Work task: An exact reproduction of the records is required. Images must be left out.

=== Begin Enclosure ===

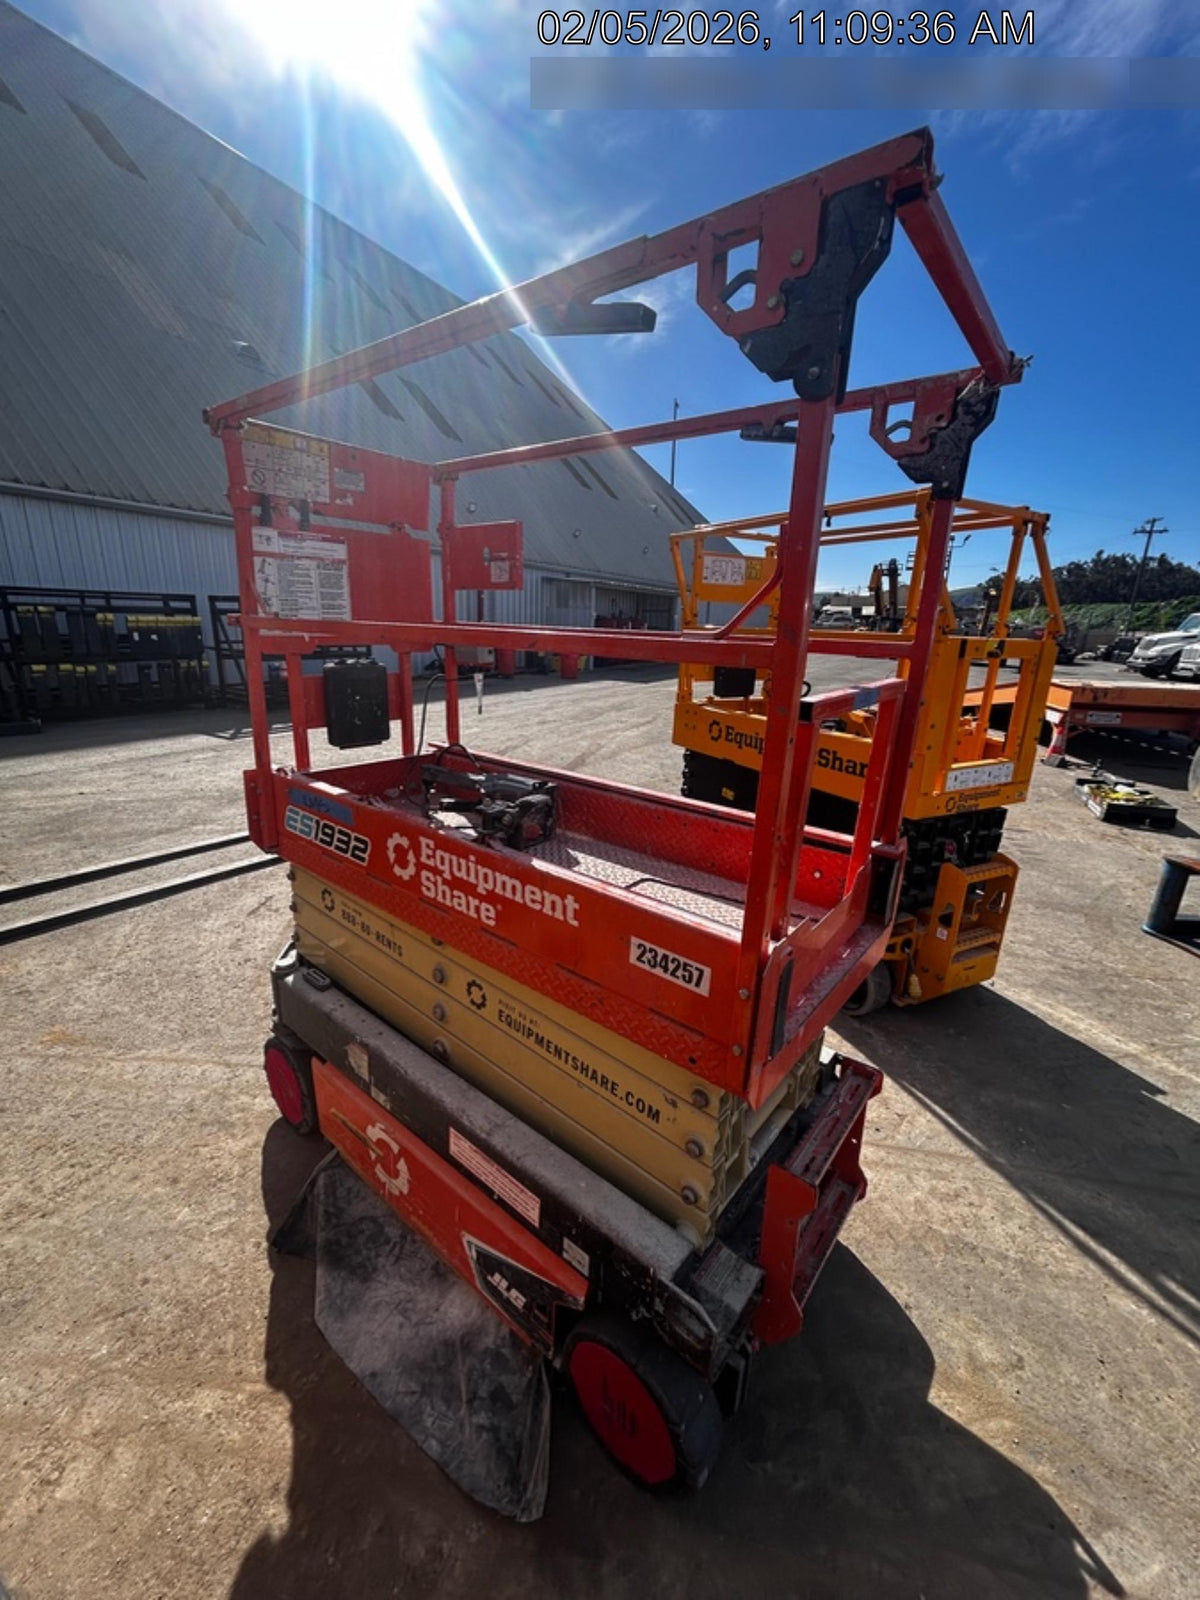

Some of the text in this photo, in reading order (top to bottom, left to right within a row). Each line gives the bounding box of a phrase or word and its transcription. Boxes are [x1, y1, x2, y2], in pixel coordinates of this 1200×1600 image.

[817, 747, 869, 778] Shar
[285, 807, 370, 865] ES1932
[418, 836, 580, 928] Equipment
[420, 872, 497, 928] Share
[636, 943, 705, 988] 234257
[498, 1009, 661, 1125] EQUIPMENTSHARE.COM
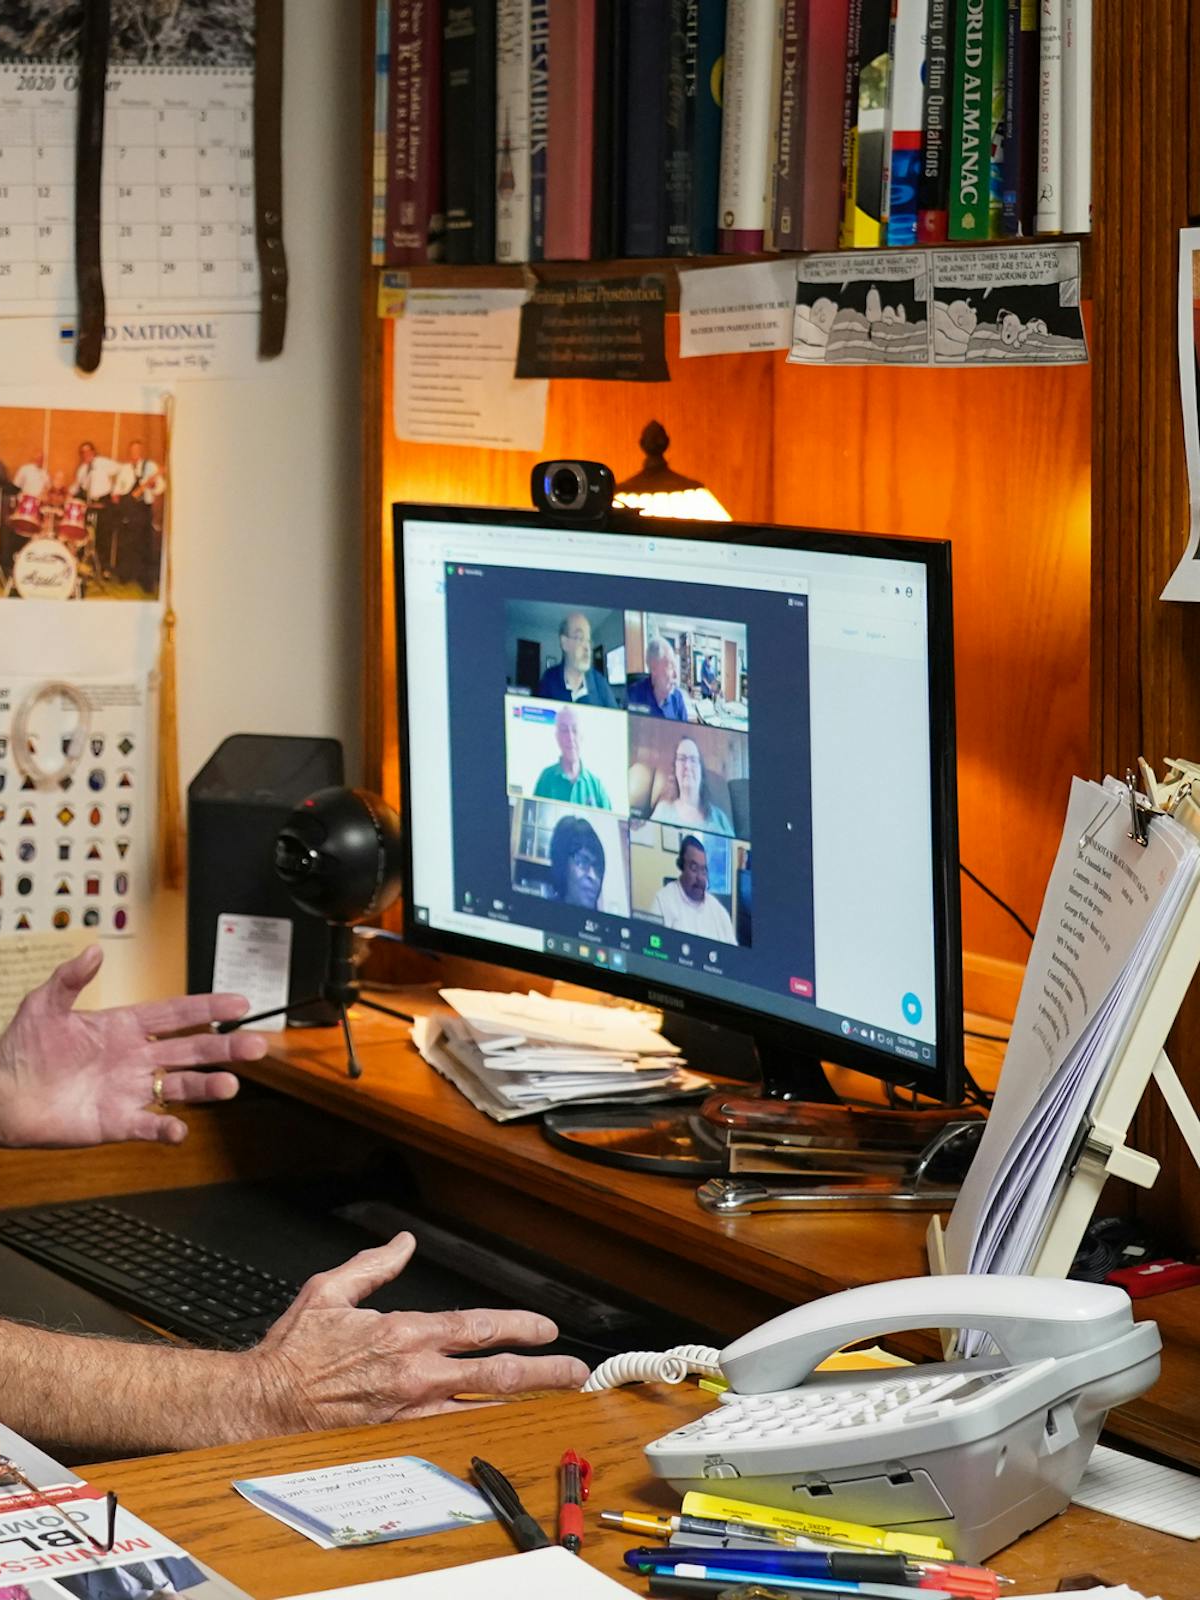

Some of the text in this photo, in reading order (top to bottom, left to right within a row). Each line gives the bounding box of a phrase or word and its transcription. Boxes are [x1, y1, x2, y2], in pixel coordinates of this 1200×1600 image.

[16, 75, 57, 91] 2020
[394, 43, 411, 180] REFERENCE
[404, 2, 421, 181] New York Public Library
[526, 0, 552, 154] THESAURUS
[779, 46, 797, 180] Dictionary
[924, 35, 946, 178] of Film Quotations
[959, 0, 983, 205] ORLD ALMANAC
[842, 99, 851, 167] SENIORS
[1039, 71, 1050, 173] PAUL DICKSON
[960, 273, 975, 281] THAT
[977, 273, 993, 281] NEED
[995, 271, 1027, 280] WORKING
[1016, 260, 1033, 269] STILL
[1043, 259, 1060, 269] FEW
[1020, 251, 1037, 260] THAT
[122, 323, 217, 341] NATIONAL
[647, 991, 685, 1009] SAMSUNG

=== End Enclosure ===

Result:
Some of the text in this photo, in reading order (top to bottom, left to right within a row). Each line gives the bounding box of a phrase or word and its transcription. Boxes are [x1, y1, x2, y2], in pixel coordinates of this 1200×1600 image.

[817, 747, 869, 778] Shar
[285, 807, 370, 865] ES1932
[418, 836, 580, 928] Equipment
[420, 872, 497, 928] Share
[636, 943, 705, 988] 234257
[498, 1009, 661, 1125] EQUIPMENTSHARE.COM

Some of the text in this photo, in reading order (top to bottom, left to right within a row). Each line gives the bounding box of a phrase or word and its transcription. Boxes are [x1, y1, x2, y2], in pixel coordinates of this 1200×1600 image.

[16, 75, 57, 91] 2020
[394, 43, 411, 180] REFERENCE
[404, 2, 421, 181] New York Public Library
[526, 0, 552, 154] THESAURUS
[779, 46, 797, 180] Dictionary
[924, 35, 946, 178] of Film Quotations
[959, 0, 983, 205] ORLD ALMANAC
[842, 99, 851, 167] SENIORS
[1039, 71, 1050, 173] PAUL DICKSON
[960, 273, 975, 281] THAT
[977, 273, 993, 281] NEED
[995, 271, 1027, 280] WORKING
[1016, 260, 1033, 269] STILL
[1043, 259, 1060, 269] FEW
[1020, 251, 1037, 260] THAT
[122, 323, 217, 341] NATIONAL
[647, 991, 685, 1009] SAMSUNG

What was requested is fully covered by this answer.